If there’s one thing that really helps you in learning to be a more prolific and dedicated home cook, it’s having fallback recipes that you can go back to frequently, and change to adapt your cravings that day. These are often things like soups, stews, curries, and sauces, where the ingredients can keep for long periods of time and be used slowly with each new batch, and you only have to actually plan to buy a couple things to add to it. I have touched on a lot of these “base ingredients” before, and having a well-stocked pantry and refrigerator with things that you’ll be using often is a huge help to home cooking.
But having several go-to recipes definitely takes it to the next level.
In the winter, I’m a big fan of soups, and have a small rotation of soups that I enjoy making, usually all based on very similar aromatics and chicken stock/broth. To me, nothing is better than whipping up a big pot of warm soup and freezing the rest in individual servings to be heated up when you need something warm and homemade, but are way too lazy to actually make a new batch.

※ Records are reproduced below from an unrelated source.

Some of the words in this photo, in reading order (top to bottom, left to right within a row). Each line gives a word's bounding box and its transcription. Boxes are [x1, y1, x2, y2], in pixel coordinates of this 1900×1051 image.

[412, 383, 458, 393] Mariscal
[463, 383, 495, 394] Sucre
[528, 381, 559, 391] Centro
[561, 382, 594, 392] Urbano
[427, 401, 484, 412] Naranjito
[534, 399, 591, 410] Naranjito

In the warmer months, though, I tend to lean more towards simple sauces and curries (with some sort of starch, often rice or noodles) that can be replicated consistently and quickly, and whose fresh ingredients can change each time. By far my favorite amongst these is Thai red curry, nose-runningly spicy and loaded up with crunchy veggies, lean protein, and fresh herbs. I find that I prefer just a bowl of curry with barely a few spoonfuls of rice, because to me I’d much rather have a double helping of the coconut-y goodness than a big ol’ pile of carbs.

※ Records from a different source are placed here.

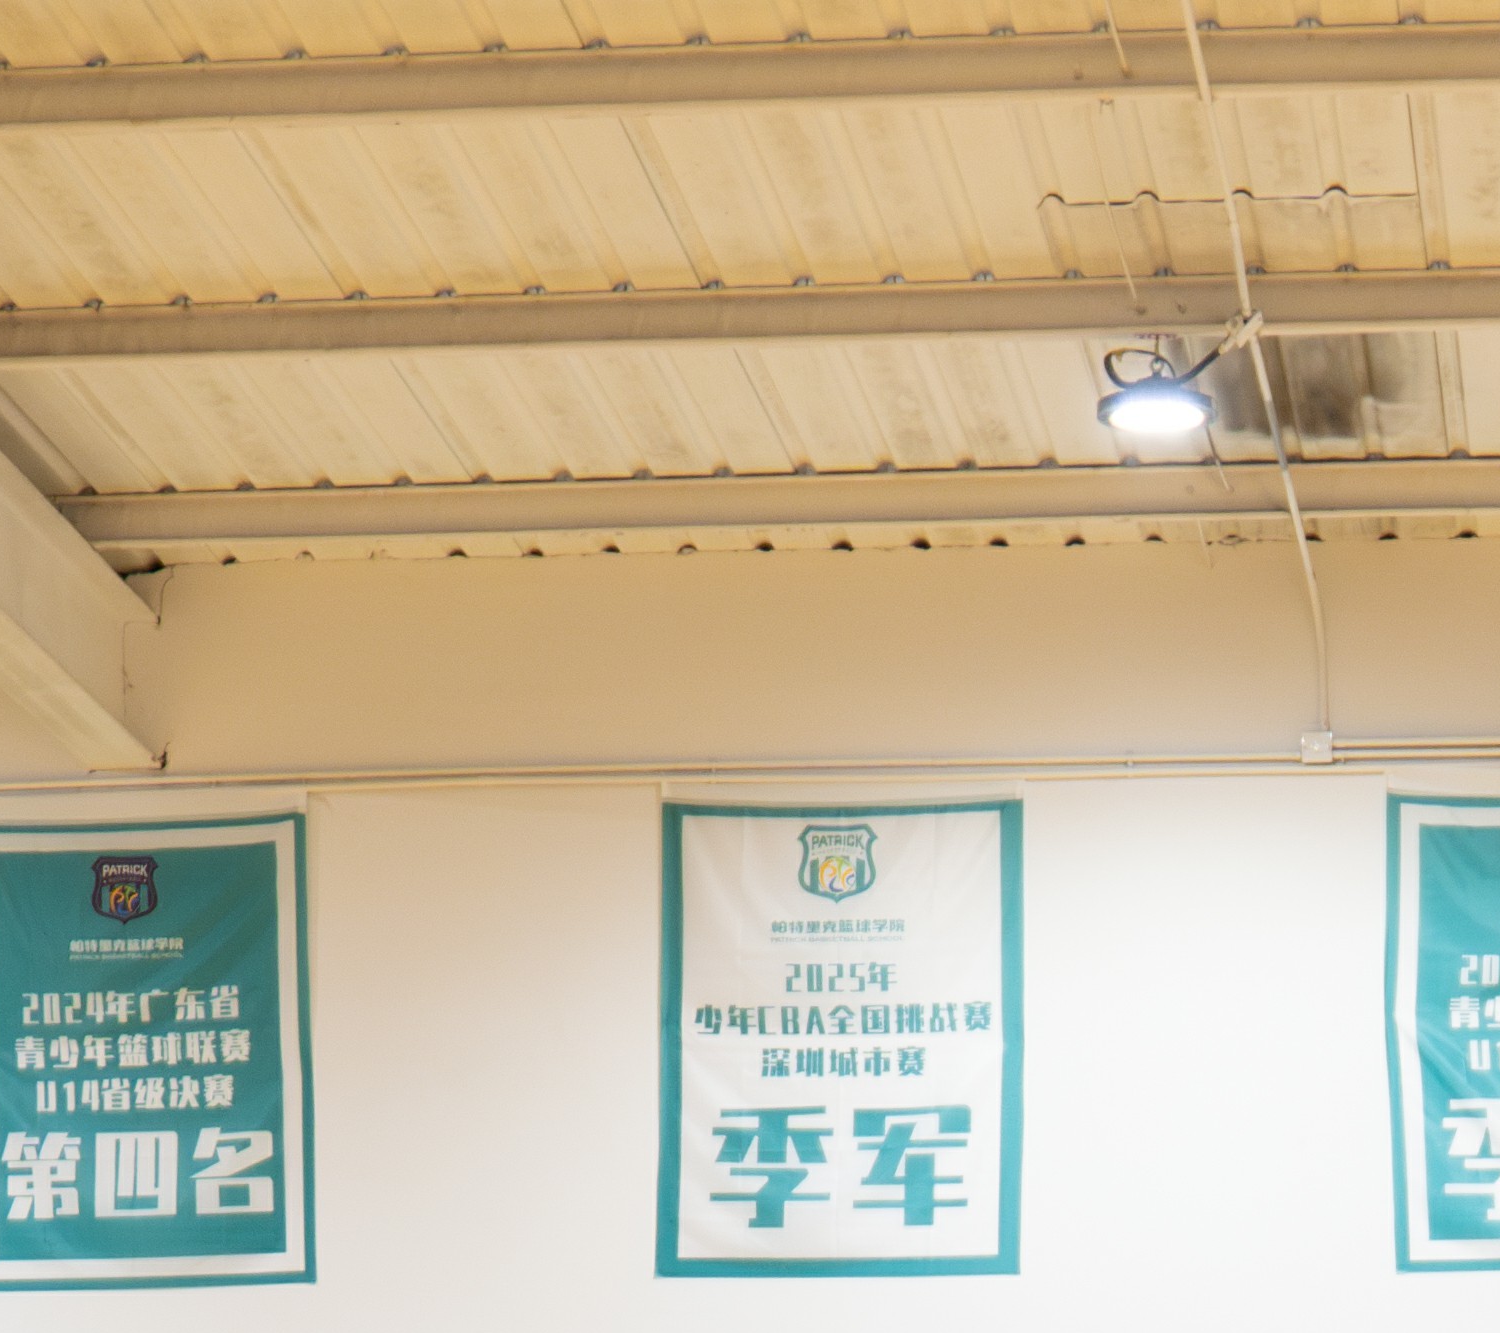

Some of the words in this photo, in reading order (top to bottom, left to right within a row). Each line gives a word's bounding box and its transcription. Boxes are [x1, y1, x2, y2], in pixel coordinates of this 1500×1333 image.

[811, 834, 865, 850] PATRICK
[102, 864, 148, 878] PATRICK
[785, 961, 897, 993] 2025年
[22, 985, 240, 1025] 2024年广东省
[694, 1001, 993, 1036] 少年CBA全国挑战赛
[14, 1029, 251, 1069] 青少年篮球联赛
[761, 1046, 927, 1078] 深圳城市赛
[36, 1074, 235, 1113] U14省级决赛
[1, 1126, 275, 1221] 第四名
[709, 1104, 972, 1229] 季军
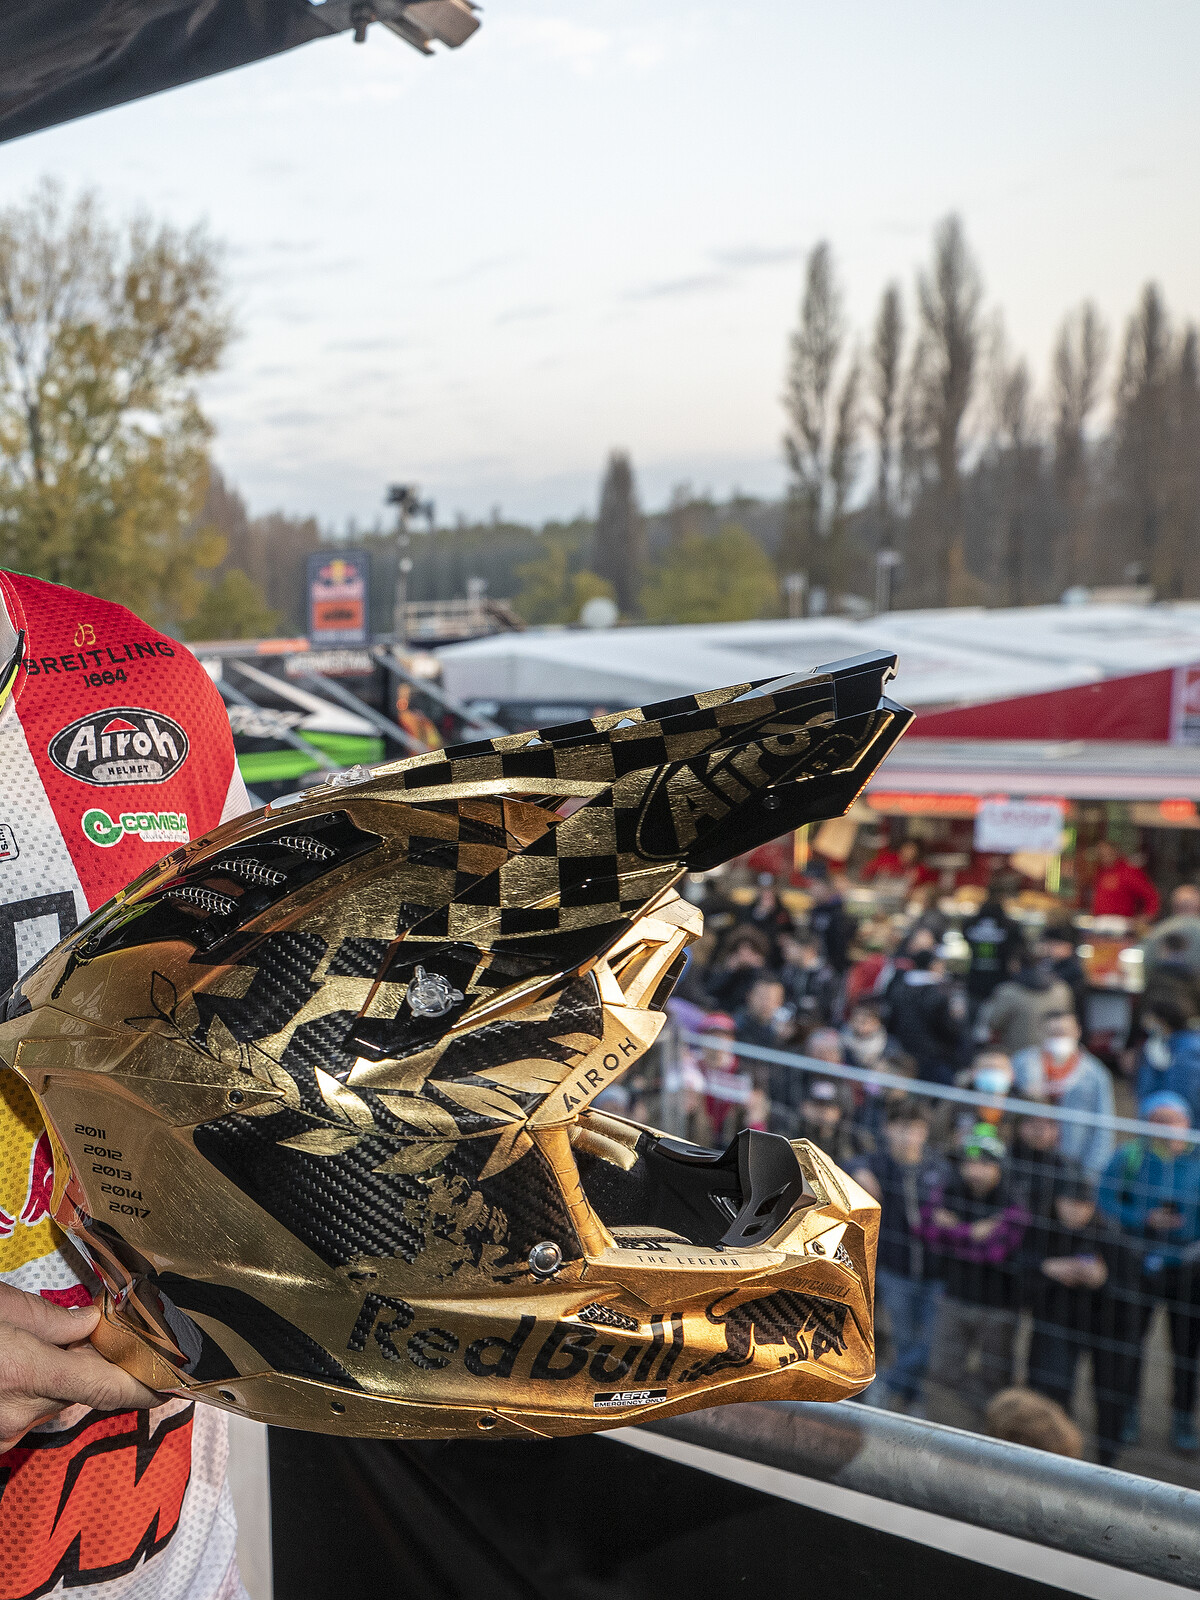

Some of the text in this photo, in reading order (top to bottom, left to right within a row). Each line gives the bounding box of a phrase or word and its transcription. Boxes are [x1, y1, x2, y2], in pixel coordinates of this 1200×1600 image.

[22, 641, 175, 676] BREITLING
[82, 668, 128, 688] 1884
[65, 717, 179, 769] Airoh
[107, 764, 150, 776] HELMET
[121, 813, 188, 832] COMISA
[563, 1037, 638, 1113] AIROH
[74, 1123, 106, 1140] 2011
[83, 1143, 123, 1161] 2012
[92, 1162, 133, 1181] 2013
[101, 1182, 143, 1201] 2014
[109, 1201, 151, 1219] 2017
[637, 1255, 667, 1264] THE
[346, 1292, 686, 1384] Red Bull
[594, 1400, 644, 1408] EMERGENCY
[611, 1391, 651, 1401] AEFR

Most of the ingredients of the curry are things you buy once up-front, and then slowly work your way through over the course of months. Things like fish sauce, soy sauce, brown sugar, chili paste, curry paste, and even cans of coconut milk can all be acquired in one big trip, and then your only question becomes “what do I have tonight that I can throw in there?” Having bases like this on hand is one of the best ways to get out of that lazy feeling of not knowing what to do with the little bit of protein you have in the freezer, and an odd assortment of vegetables. Now you have something fast, delicious, and elevated. And in the case of my curry, made with light coconut milk and light proteins, it’s not that heavy in calories.
For the curry this time, my “mix-and-match” ingredients are: chicken breast, snow peas, baby corns, bamboo shoots, and carrots.
My base spicy red curry recipe is:
- 2.5 tablespoons red curry paste
- 3 tablespoons chili paste (give or take depending on desired spice, I love it spicy)
- 1.5 teaspoons fish sauce
- 2 teaspoons soy sauce
- 3 tablespoons packed brown sugar (again, adjust this to taste)
- 1 can light coconut milk
- 1/2 that can full of chicken broth (you can use more or less here depending on how watery you like it)
The process is super simple, you just mix together the sauces and pastes, add in the sugar, then add in the coconut milk and chicken broth. Stir, bring to a simmer, and add your ingredients to cook for as long as you like (I do only 5-8 minutes because I like things crunchy, and things like the chicken — which I cook off mostly beforehand in a pan with a bit of oil and garlic — I put in at the very end, so they absorb the flavor for a few minutes but don’t get tough or chewy.) Add on your herbs of choice at the end — I love Thai basil when I can get it.
Master your favorite foundations, and learn to adapt the recipe to whatever you have on hand. It’s fun, simple, and makes cooking the fun, creative experience it actually is, instead of something you avoid.